Ganz gleich was Vermieter und Mieter im Mietvertrag vereinbaren: Die Eigentümergemeinschaft kann gemäß dem WEG darauf keine Rücksicht nehmen. Gerade darum ist es wichtig, den Mietvertrag auf die Vorgaben des WEG, der Teilungserklärung und die Beschlusslage abzustimmen. Wie kann z. B. der Vermieter gemäß dem Mietvertrag die Betriebskosten mit seinem Mieter nach der Wohnfläche abrechnen, wenn die Eigentümergemeinschaft die betreffenden Positionen in der WEG-Abrechnung gar nicht ausweist oder gemäß der Teilungserklärung bereits nach Miteigentumsanteilen verteilt hat?
 
Darum versuchen wir als Besonderheit unserer Verwaltung das WEG-Recht und das Mietrecht weitestgehend zu verbinden.

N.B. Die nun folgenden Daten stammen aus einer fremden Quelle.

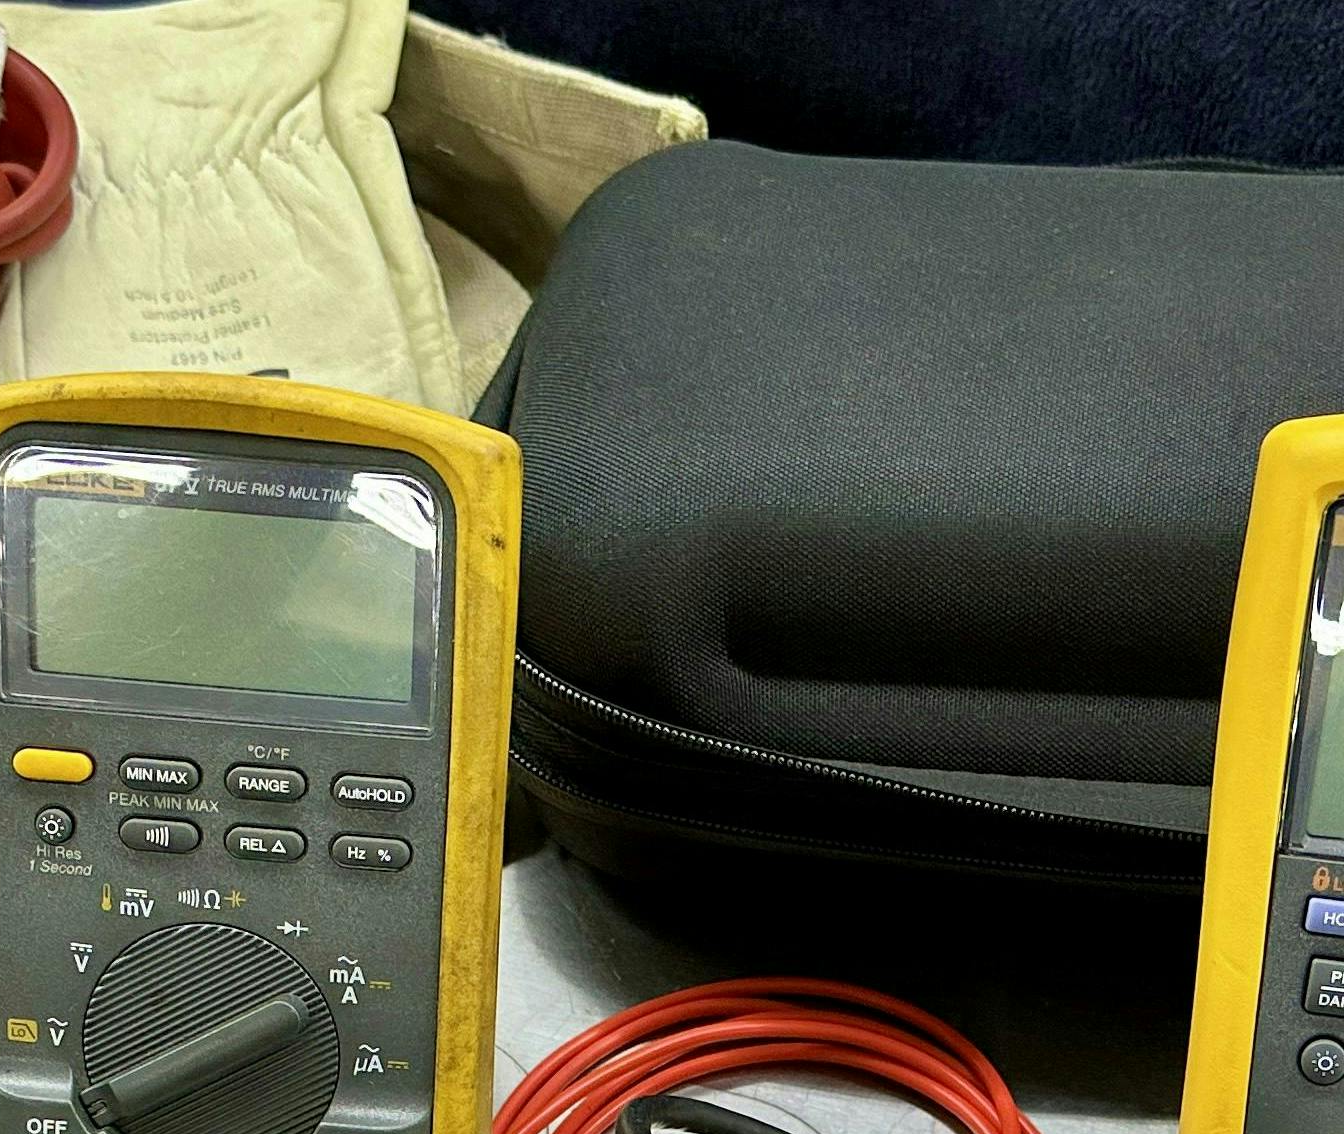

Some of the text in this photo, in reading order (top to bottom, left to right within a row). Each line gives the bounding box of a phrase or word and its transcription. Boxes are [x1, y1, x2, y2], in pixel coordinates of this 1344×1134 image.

[206, 475, 249, 495] TRUE
[251, 482, 285, 498] RMS
[126, 766, 188, 785] MIN MAX
[238, 776, 290, 794] RANGE
[108, 791, 220, 813] PEAK MIN MAX
[338, 785, 406, 805] AutoHOLD
[35, 844, 82, 860] Hi Res
[239, 837, 268, 853] REL
[347, 845, 366, 860] Hz
[39, 859, 93, 876] Second
[119, 899, 155, 918] mV
[329, 966, 365, 985] mA
[341, 986, 358, 1004] A
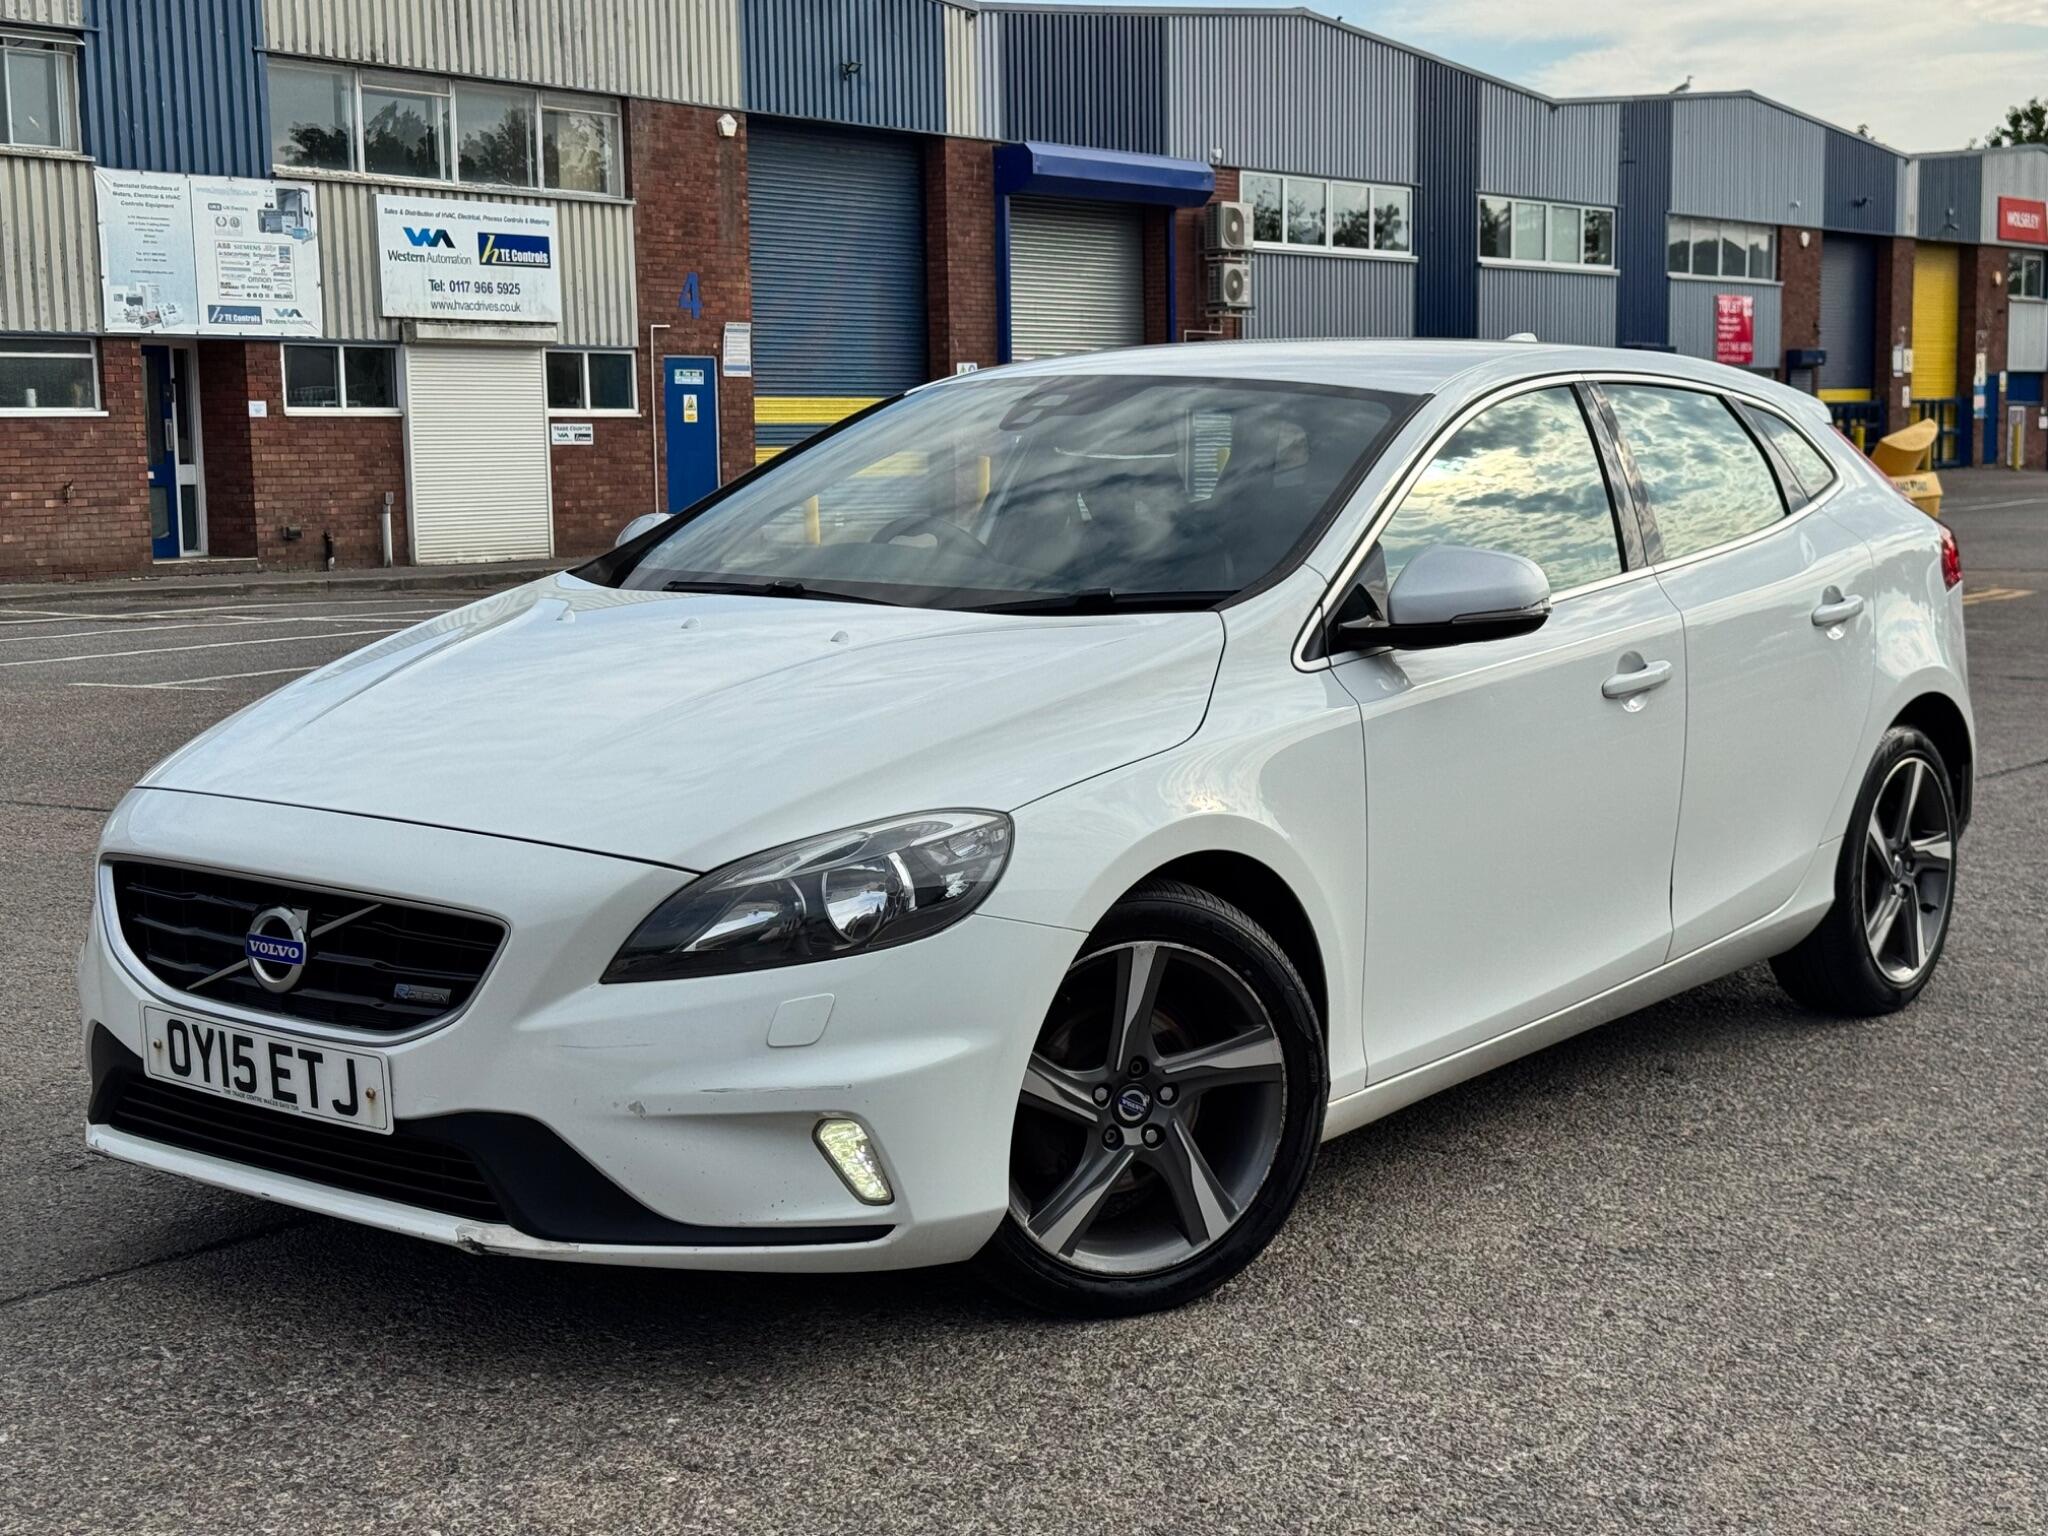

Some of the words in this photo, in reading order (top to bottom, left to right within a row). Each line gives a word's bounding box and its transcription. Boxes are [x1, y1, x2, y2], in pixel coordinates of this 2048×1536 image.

Wir sorgen dafür, dass die in unserer WEG-Abrechnung ausgewiesenen Betriebskostenpositionen auch einer kritischen Prüfung hinsichtlich der tatsächlichen Geschäftsvorfälle und Buchungen standhalten. Nur so lassen sich Betriebskosten problemlos an den Mieter weitergeben.
 
Wichtig für die Harmonisierung ist aber auch, dass sich die Kostenaufteilung der WEG-Abrechnung im Einklang mit dem Mietvertrag befindet. Da die Eigentümergemeinschaft sich nicht an die individuellen Mietverträge anpassen kann, ist hier der Vermieter gefordert. Es ist vorteilhaft durch einen entsprechenden Hinweis im Mietvertrag klarzustellen, dass der Vermieter an die Kostenverteilung der WEG-Abrechnung gebunden ist.
 
Bei Mieterwechsel ist die Aufteilung der Betriebskosten allein Sache des Vermieters. Darum sollte sich der Vermieter um evtl. Zwischenablesungen für Wasser und Heizung kümmern. Wenn uns Mieterwechsel schriftlich rechtzeitig gemeldet werden, sorgen wir dafür, dass der Heizkostenservice mieterbezogene zeitanteilige Verbrauchsabrechnungen erstellt. Die übrigen Betriebskosten werden üblicherweise nach der anteiligen Nutzungsdauer der Mieter aufgeteilt. Unseren Kunden geben wir dazu umfangreiche Hilfestellungen.
 
Auf Wunsch des Eigentümers übernehmen wir auch die Neuvermietung bzw. die komplette Mietverwaltung. Bei der Suche und der Vorauswahl passender Mieter und der Vorbereitung des Mietvertrags gehen wir besonders sorgfältig vor. Denn wir möchten als WEG-Verwalter mit den Beteiligten und mit den anderen Miteigentümern auch weiterhin langfristig angenehm zusammenarbeiten.